[Stored items from a collection]
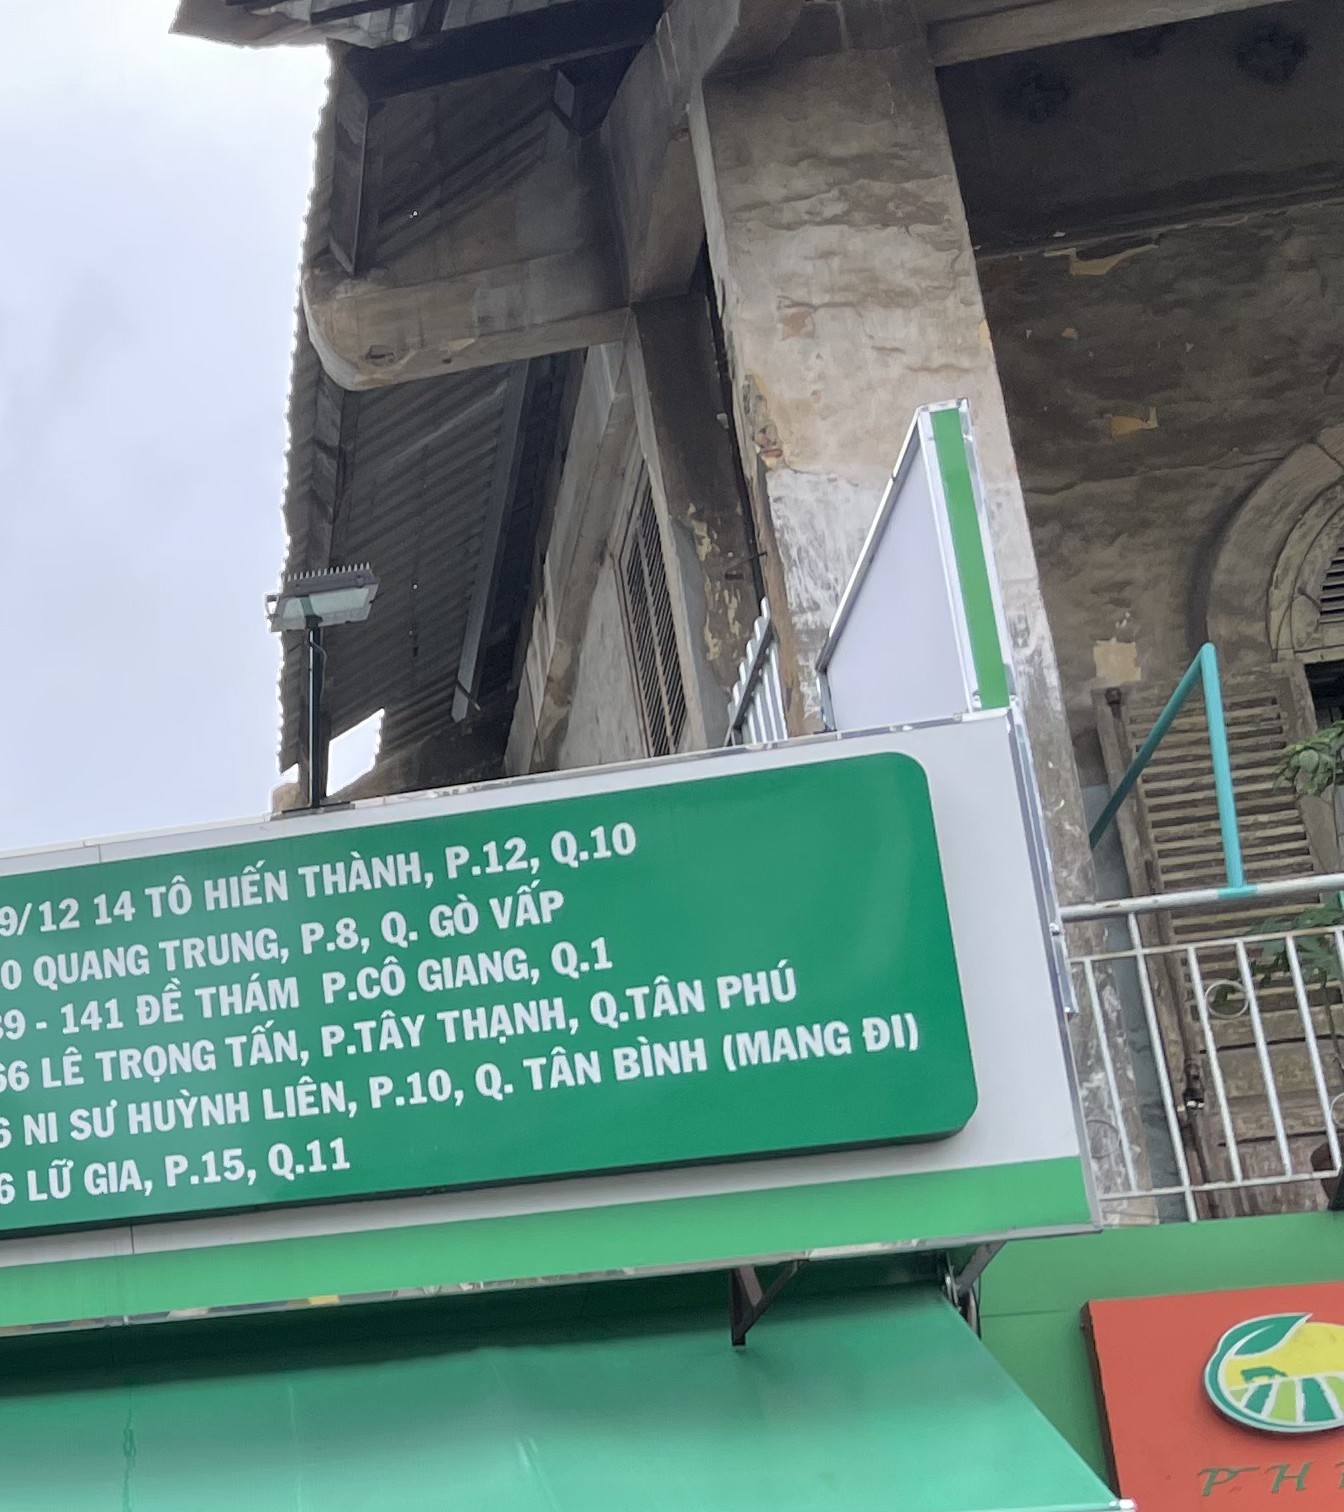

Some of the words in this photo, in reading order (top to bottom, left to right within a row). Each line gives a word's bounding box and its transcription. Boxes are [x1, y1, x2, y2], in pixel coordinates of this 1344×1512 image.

[94, 891, 135, 924] 14
[145, 875, 192, 917] TÔ
[205, 861, 288, 910] HIẾN
[298, 852, 433, 897] THÀNH,
[446, 838, 539, 878] P.12,
[552, 823, 636, 867] Q.10
[33, 944, 149, 990] QUANG
[159, 928, 289, 971] TRUNG,
[301, 918, 369, 954] P.8,
[382, 912, 417, 947] Q.
[430, 895, 478, 937] GÒ
[490, 880, 563, 928] VẤP
[61, 999, 123, 1034] 141
[136, 978, 183, 1025] ĐỀ
[195, 973, 299, 1018] THÁM
[323, 956, 405, 1003] P.CÔ
[418, 948, 539, 991] GIANG,
[552, 938, 612, 978] Q.1
[42, 1047, 84, 1088] LÊ
[95, 1040, 216, 1083] TRỌNG
[225, 1020, 309, 1067] TẤN,
[321, 1010, 424, 1056] P.TÂY
[437, 998, 578, 1043] THẠNH,
[591, 976, 705, 1028] Q.TÂN
[717, 960, 796, 1008] PHÚ
[24, 1112, 58, 1145] NI
[70, 1099, 117, 1140] SƯ
[128, 1089, 249, 1134] HUỲNH
[263, 1076, 357, 1119] LIÊN,
[369, 1069, 463, 1108] P.10,
[476, 1064, 513, 1100] Q.
[523, 1047, 601, 1090] TÂN
[613, 1037, 707, 1080] BÌNH
[723, 1021, 851, 1071] (MANG
[863, 1013, 918, 1051] ĐI)
[28, 1159, 73, 1201] LỮ
[84, 1160, 152, 1196] GIA,
[165, 1148, 256, 1187] P.15,
[268, 1138, 350, 1180] Q.11
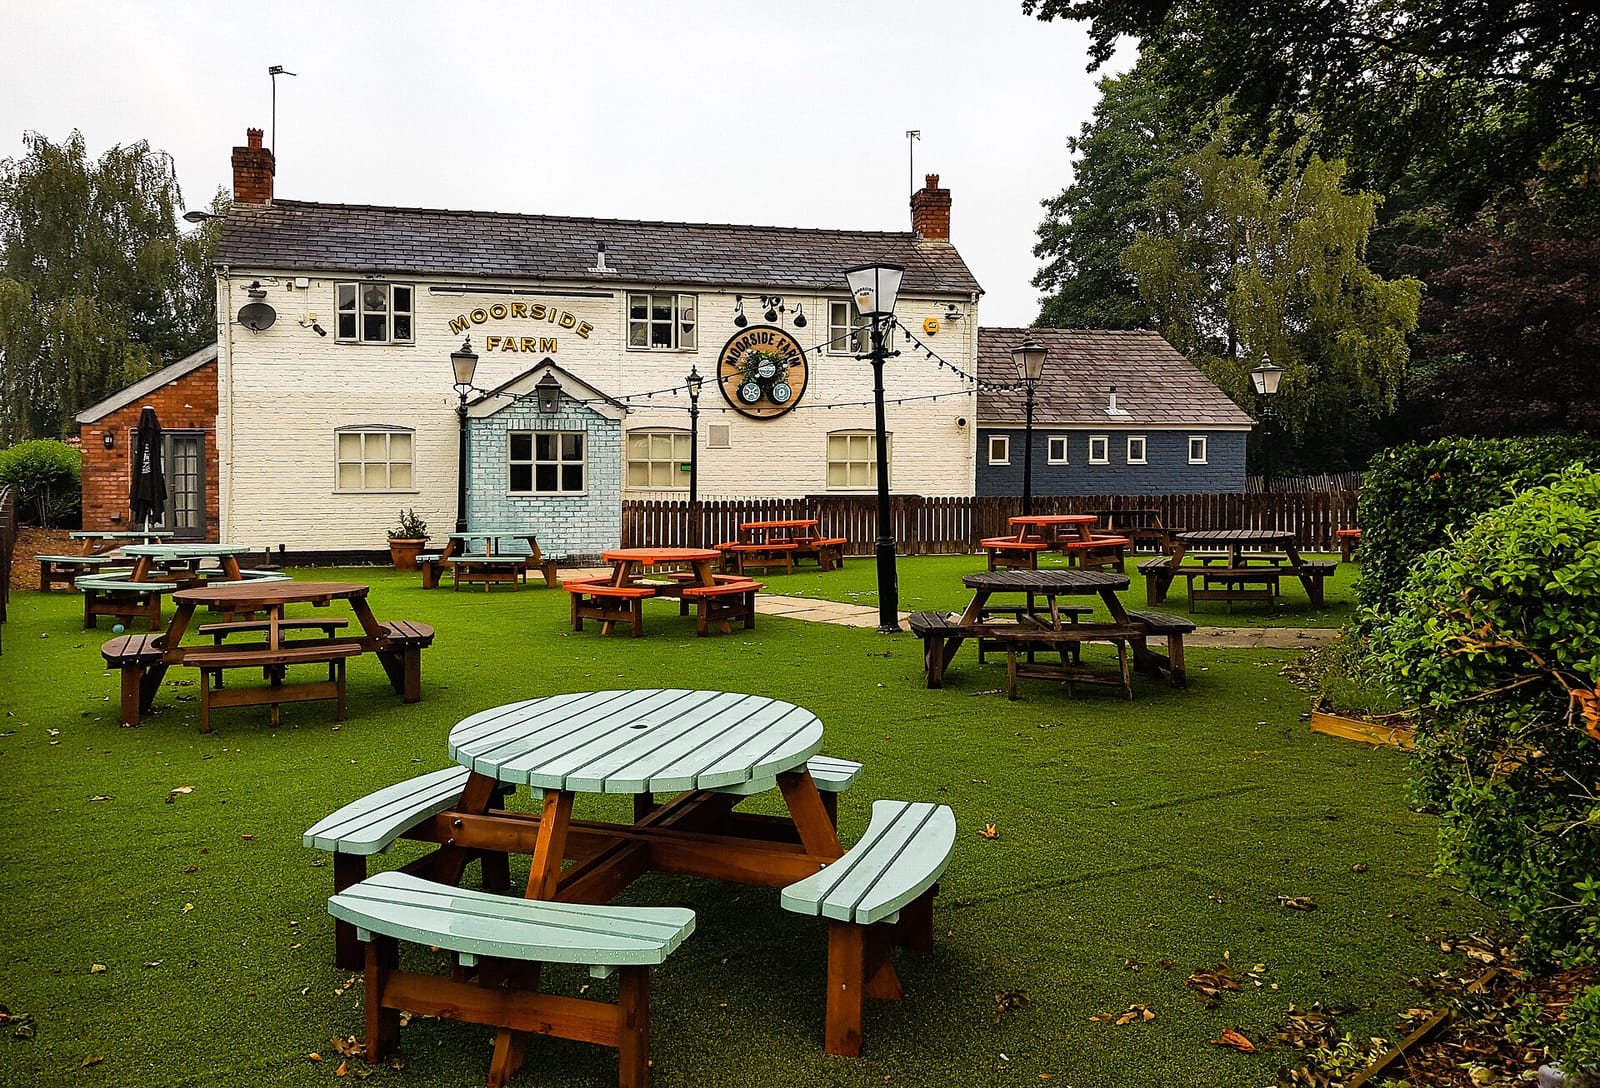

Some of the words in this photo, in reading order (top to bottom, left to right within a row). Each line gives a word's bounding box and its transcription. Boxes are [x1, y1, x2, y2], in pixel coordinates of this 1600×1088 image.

[448, 302, 594, 339] MOORSIDE
[486, 335, 558, 353] FARM
[725, 331, 776, 367] MOORSIDE
[776, 337, 801, 368] FARM

PROBLEM TO WORK ON |
Would you set down every line of the data above exactly, skipping the pictures?

SOLVED EXERCISE |
Some of the words in this photo, in reading order (top to bottom, left to right within a row). Each line gives a word's bounding box and its transcription. Boxes are [x1, y1, x2, y2], in pixel coordinates of this 1344×1512 image.

[94, 891, 135, 924] 14
[145, 875, 192, 917] TÔ
[205, 861, 288, 910] HIẾN
[298, 852, 433, 897] THÀNH,
[446, 838, 539, 878] P.12,
[552, 823, 636, 867] Q.10
[33, 944, 149, 990] QUANG
[159, 928, 289, 971] TRUNG,
[301, 918, 369, 954] P.8,
[382, 912, 417, 947] Q.
[430, 895, 478, 937] GÒ
[490, 880, 563, 928] VẤP
[61, 999, 123, 1034] 141
[136, 978, 183, 1025] ĐỀ
[195, 973, 299, 1018] THÁM
[323, 956, 405, 1003] P.CÔ
[418, 948, 539, 991] GIANG,
[552, 938, 612, 978] Q.1
[42, 1047, 84, 1088] LÊ
[95, 1040, 216, 1083] TRỌNG
[225, 1020, 309, 1067] TẤN,
[321, 1010, 424, 1056] P.TÂY
[437, 998, 578, 1043] THẠNH,
[591, 976, 705, 1028] Q.TÂN
[717, 960, 796, 1008] PHÚ
[24, 1112, 58, 1145] NI
[70, 1099, 117, 1140] SƯ
[128, 1089, 249, 1134] HUỲNH
[263, 1076, 357, 1119] LIÊN,
[369, 1069, 463, 1108] P.10,
[476, 1064, 513, 1100] Q.
[523, 1047, 601, 1090] TÂN
[613, 1037, 707, 1080] BÌNH
[723, 1021, 851, 1071] (MANG
[863, 1013, 918, 1051] ĐI)
[28, 1159, 73, 1201] LỮ
[84, 1160, 152, 1196] GIA,
[165, 1148, 256, 1187] P.15,
[268, 1138, 350, 1180] Q.11

Some of the words in this photo, in reading order (top to bottom, left to right within a row). Each line gives a word's bounding box and its transcription. Boxes are [x1, y1, x2, y2], in pixel coordinates of this 1600×1088 image.

[448, 302, 594, 339] MOORSIDE
[486, 335, 558, 353] FARM
[725, 331, 776, 367] MOORSIDE
[776, 337, 801, 368] FARM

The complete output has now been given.